◆ **RECORDS PROVIDED**
-------
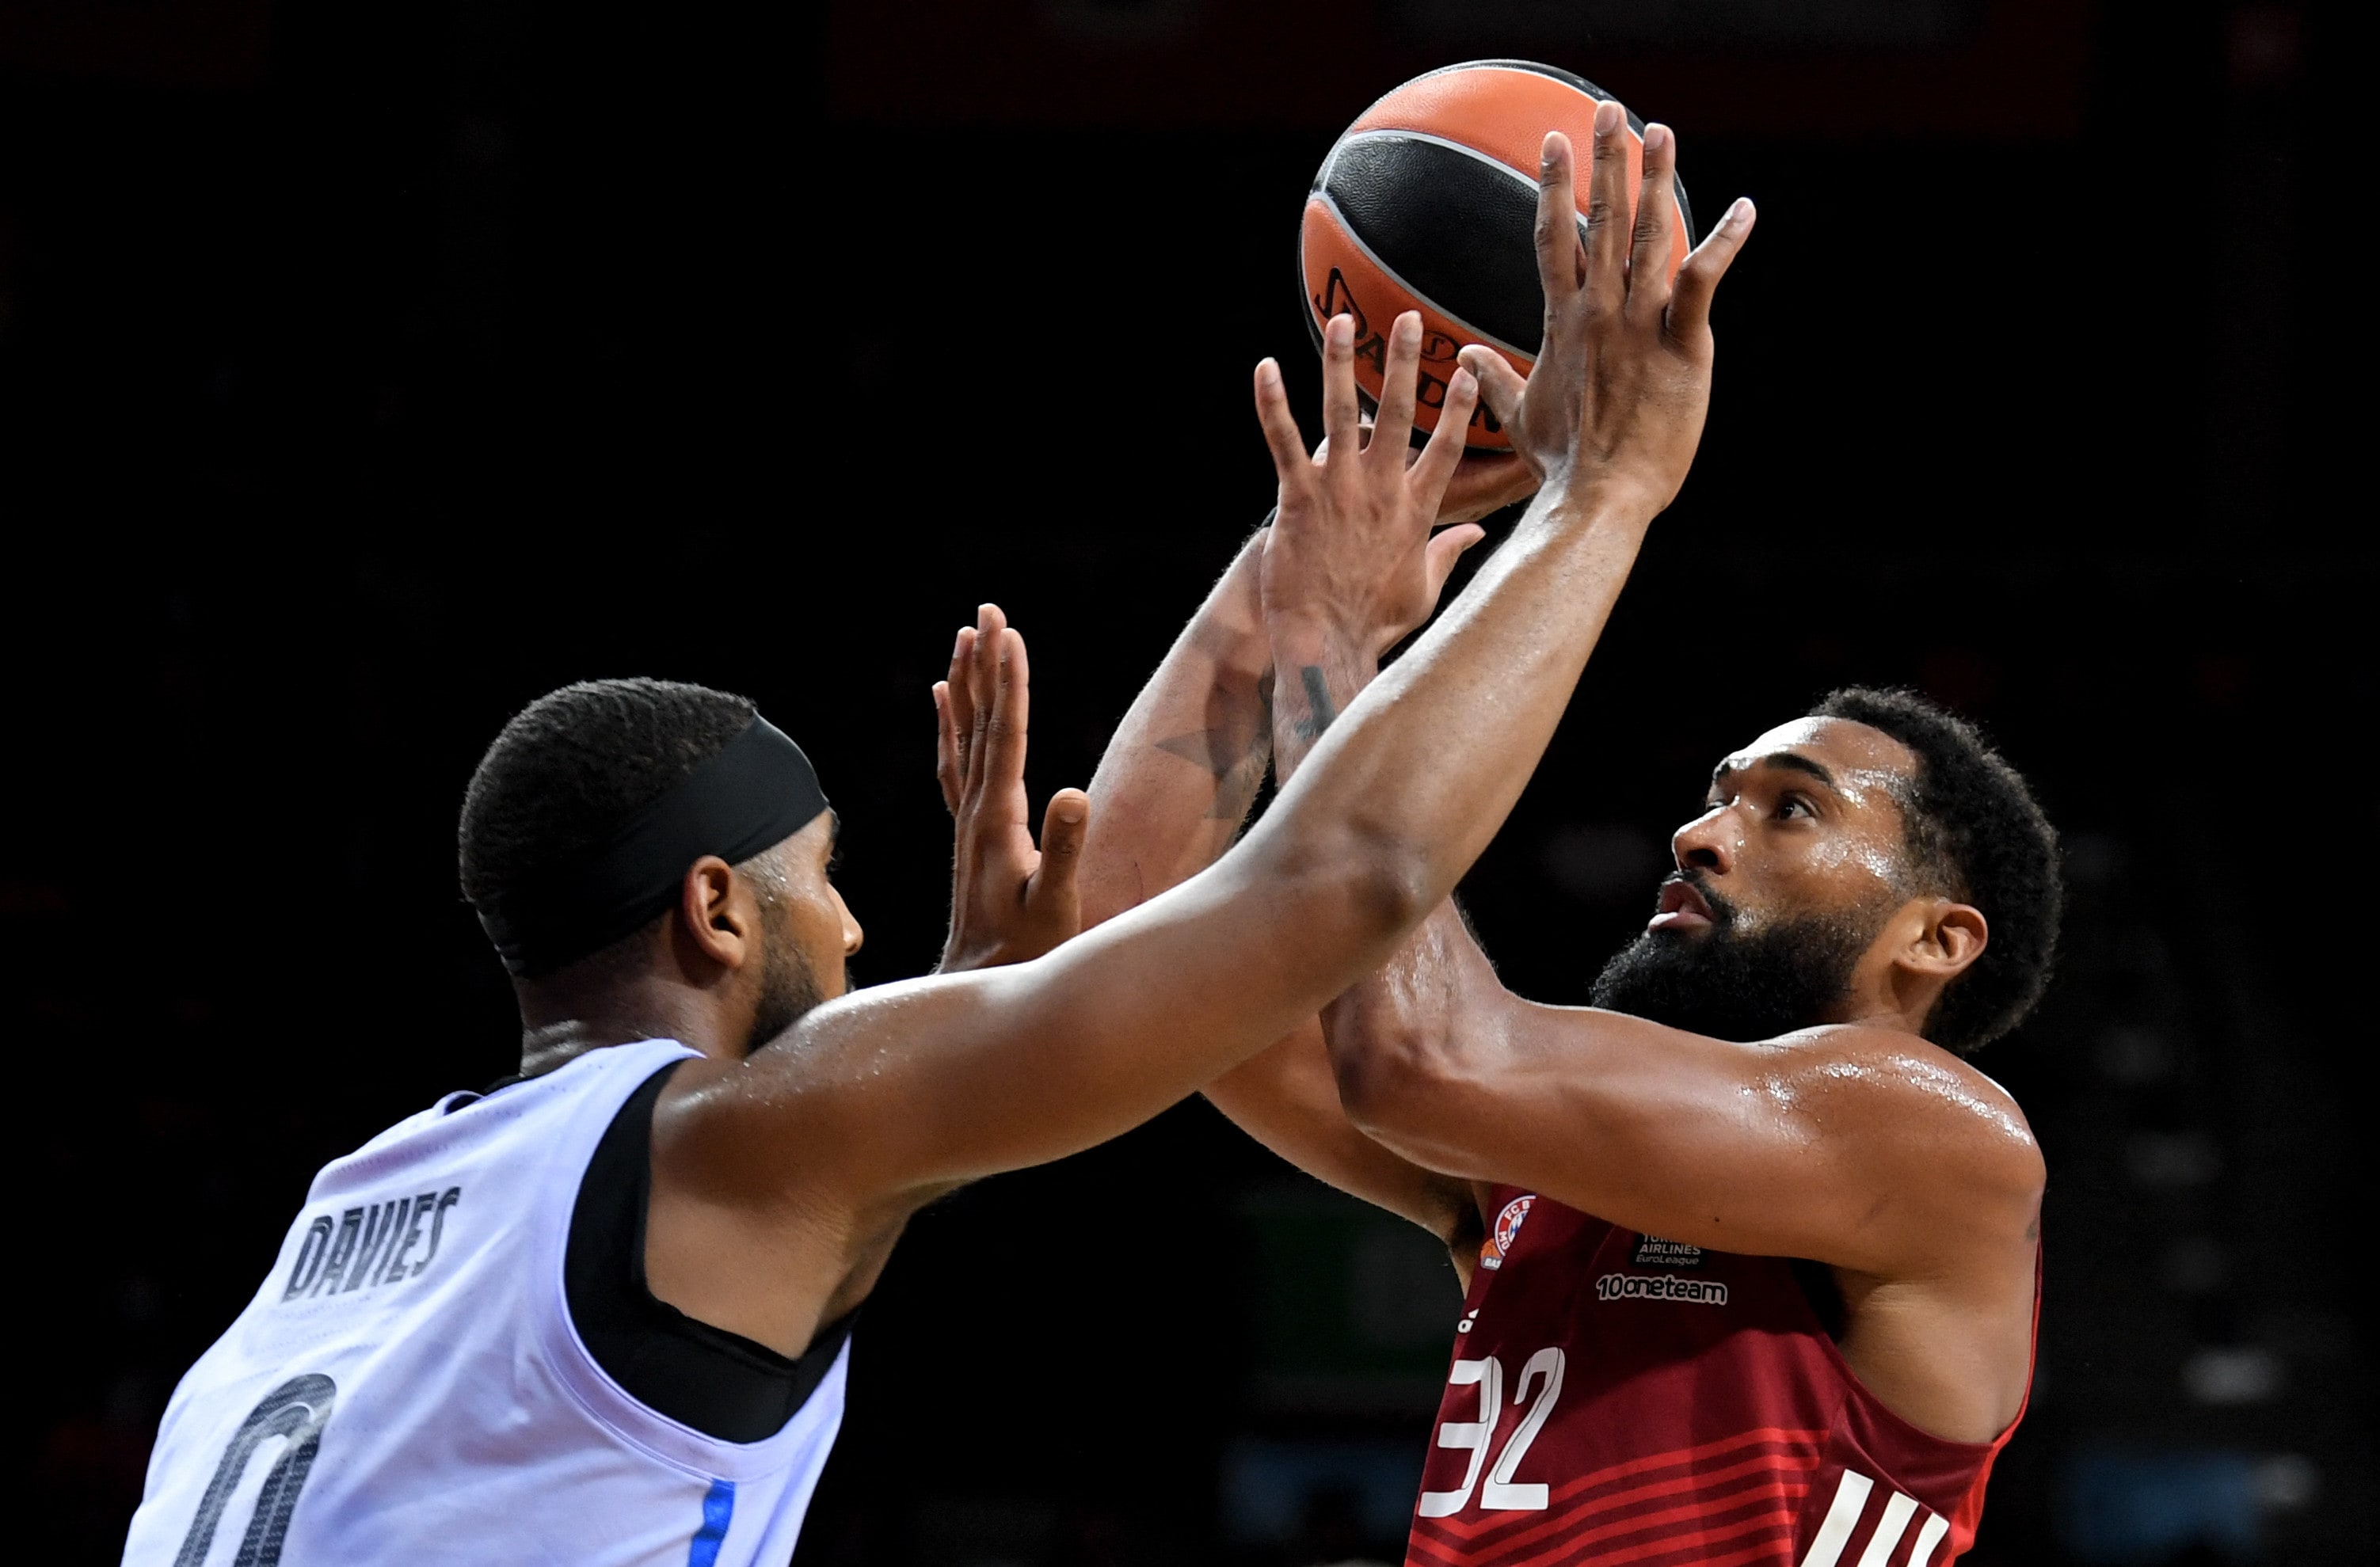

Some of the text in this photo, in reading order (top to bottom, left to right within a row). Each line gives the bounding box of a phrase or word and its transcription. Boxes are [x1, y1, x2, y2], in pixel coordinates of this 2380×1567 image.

[280, 1186, 461, 1303] DAVIES
[1636, 1254, 1700, 1266] EuroLeague
[1639, 1244, 1701, 1255] AIRLINES
[1596, 1273, 1728, 1306] 10oneteam
[172, 1372, 337, 1567] 0
[1418, 1346, 1566, 1518] 32
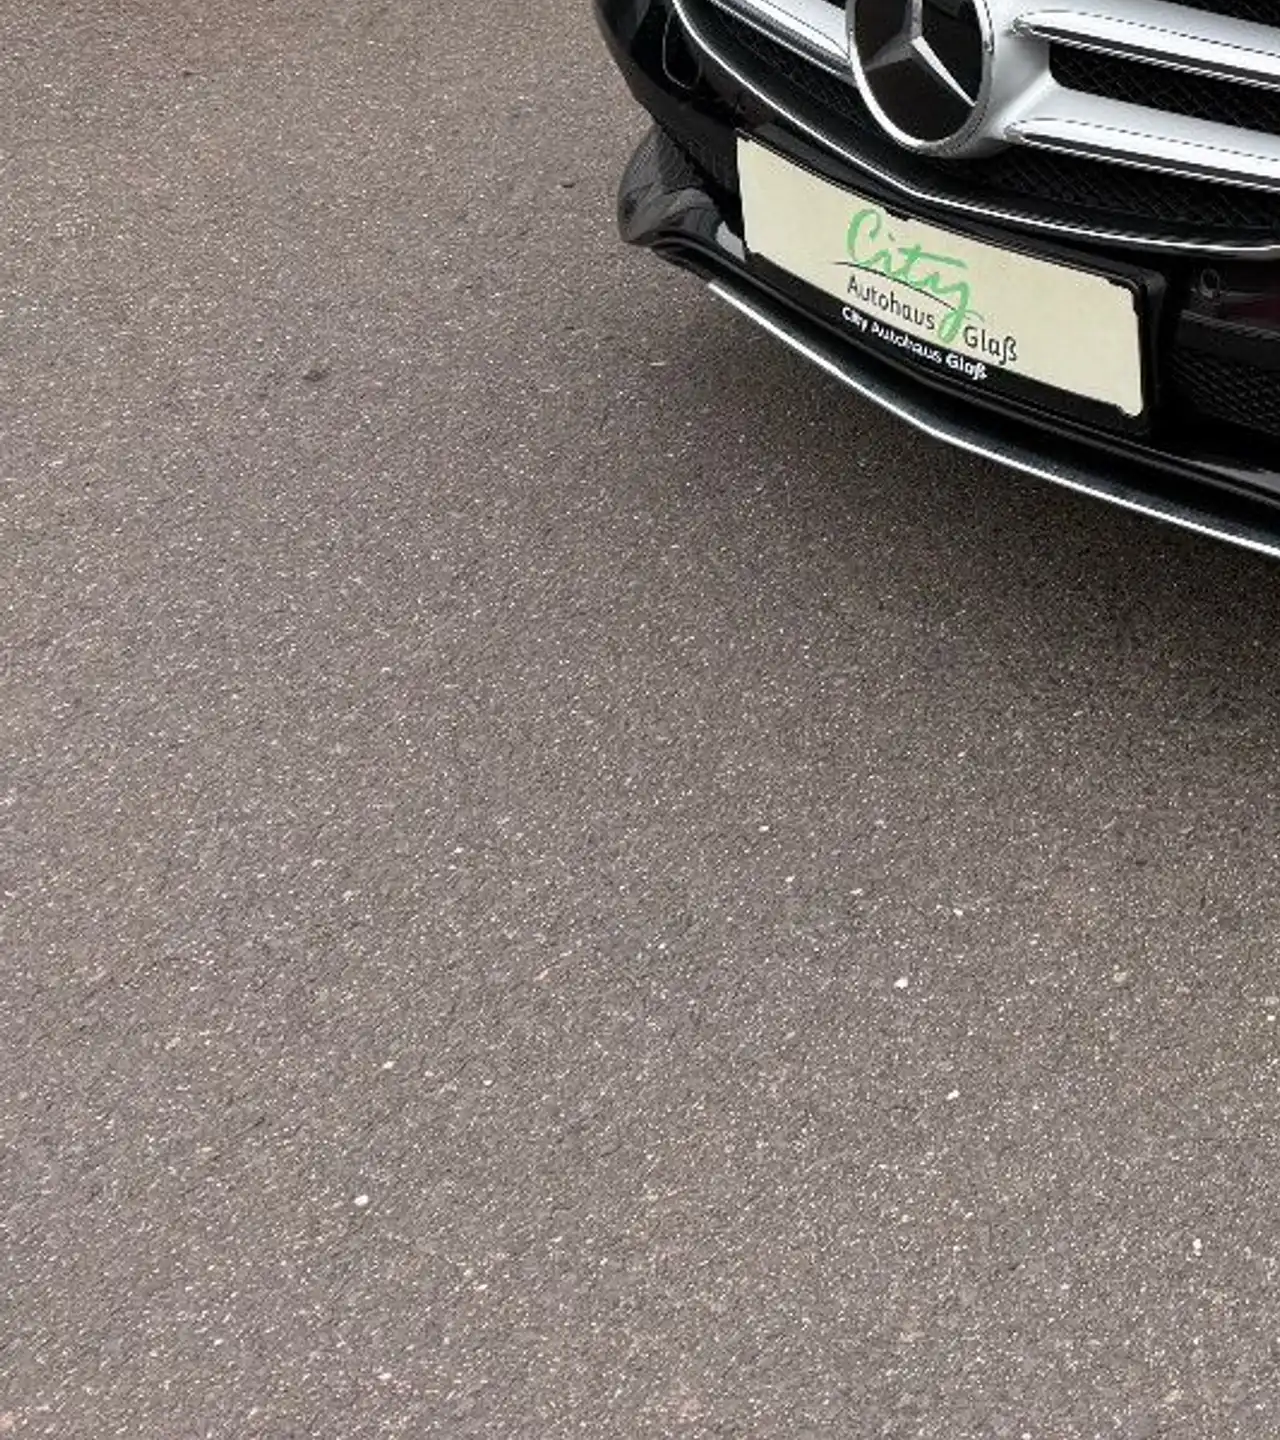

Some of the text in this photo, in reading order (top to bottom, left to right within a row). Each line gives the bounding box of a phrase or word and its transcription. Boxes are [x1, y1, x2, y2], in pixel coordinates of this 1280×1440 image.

[846, 209, 985, 343] City
[847, 275, 1018, 365] Autohaus Glaß
[842, 307, 868, 331] City
[871, 325, 942, 364] Autohaus
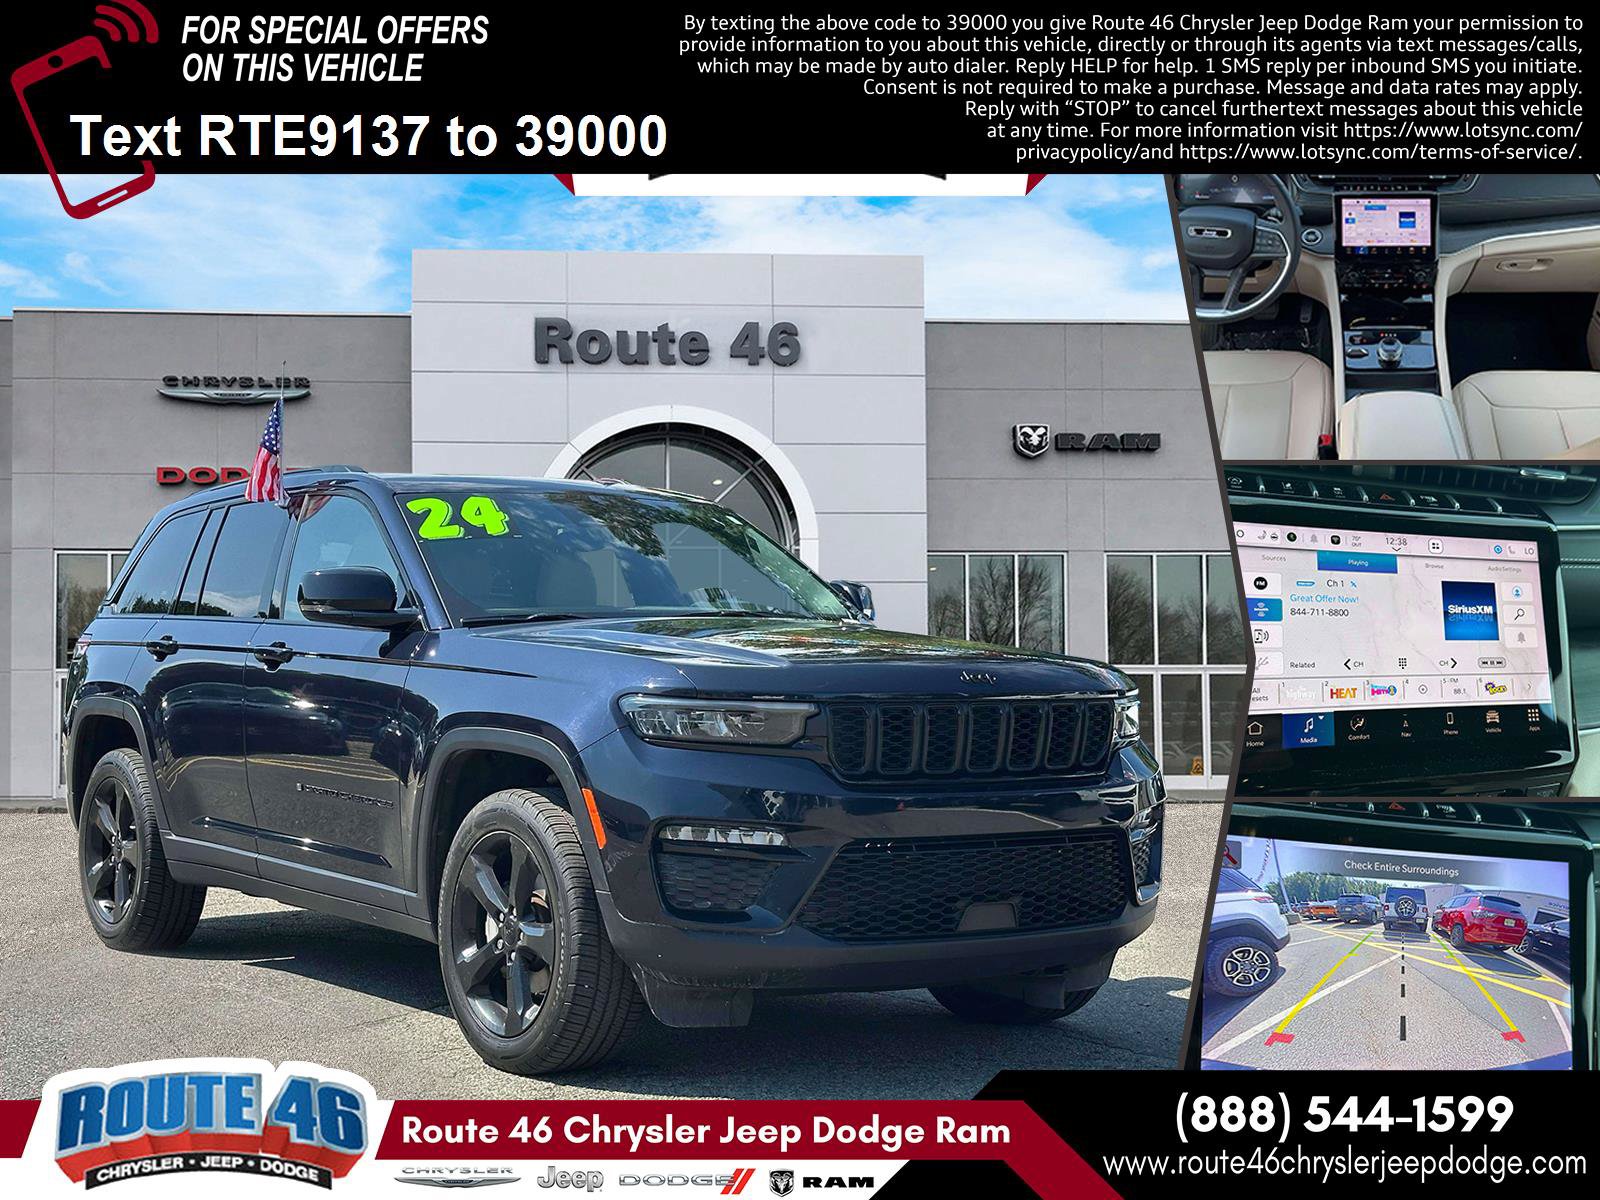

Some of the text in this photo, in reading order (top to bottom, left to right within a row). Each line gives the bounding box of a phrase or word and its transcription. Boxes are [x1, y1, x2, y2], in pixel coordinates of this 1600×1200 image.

[534, 317, 801, 367] Route 46
[162, 375, 311, 388] CHRYSLER
[1054, 432, 1161, 452] RAM
[156, 466, 251, 486] DOD
[405, 496, 510, 539] 24
[1385, 537, 1408, 546] 12:38
[1262, 554, 1287, 562] Sources
[1348, 558, 1369, 567] Playing
[1326, 579, 1338, 587] Ch
[1290, 594, 1359, 604] Great Offer Now!
[1290, 607, 1349, 617] 844-711-8800
[1448, 604, 1493, 614] SiriusXM
[1289, 661, 1316, 669] Related
[1353, 660, 1364, 668] CH
[1330, 687, 1357, 699] HEAT
[1348, 733, 1371, 741] Comfort
[1443, 728, 1459, 736] Phone
[1246, 740, 1264, 748] Home
[1343, 858, 1460, 878] Check Entire Surroundings
-------
◆ **WORK TO BE COMPLETED**
Please copy the records above word for word, omitting every picture.

◆ **OUTPUT BELOW**
Some of the text in this photo, in reading order (top to bottom, left to right within a row). Each line gives the bounding box of a phrase or word and its transcription. Boxes are [x1, y1, x2, y2], in pixel coordinates of this 2380×1567 image.

[280, 1186, 461, 1303] DAVIES
[1636, 1254, 1700, 1266] EuroLeague
[1639, 1244, 1701, 1255] AIRLINES
[1596, 1273, 1728, 1306] 10oneteam
[172, 1372, 337, 1567] 0
[1418, 1346, 1566, 1518] 32

Some of the text in this photo, in reading order (top to bottom, left to right within a row). Each line gives the bounding box of a phrase or word and its transcription. Boxes are [x1, y1, x2, y2], in pixel coordinates of this 1280×1440 image.

[846, 209, 985, 343] City
[847, 275, 1018, 365] Autohaus Glaß
[842, 307, 868, 331] City
[871, 325, 942, 364] Autohaus

Some of the text in this photo, in reading order (top to bottom, left to right within a row). Each line gives the bounding box of a phrase or word and its transcription. Boxes are [x1, y1, x2, y2], in pixel coordinates of this 1600×1200 image.

[534, 317, 801, 367] Route 46
[162, 375, 311, 388] CHRYSLER
[1054, 432, 1161, 452] RAM
[156, 466, 251, 486] DOD
[405, 496, 510, 539] 24
[1385, 537, 1408, 546] 12:38
[1262, 554, 1287, 562] Sources
[1348, 558, 1369, 567] Playing
[1326, 579, 1338, 587] Ch
[1290, 594, 1359, 604] Great Offer Now!
[1290, 607, 1349, 617] 844-711-8800
[1448, 604, 1493, 614] SiriusXM
[1289, 661, 1316, 669] Related
[1353, 660, 1364, 668] CH
[1330, 687, 1357, 699] HEAT
[1348, 733, 1371, 741] Comfort
[1443, 728, 1459, 736] Phone
[1246, 740, 1264, 748] Home
[1343, 858, 1460, 878] Check Entire Surroundings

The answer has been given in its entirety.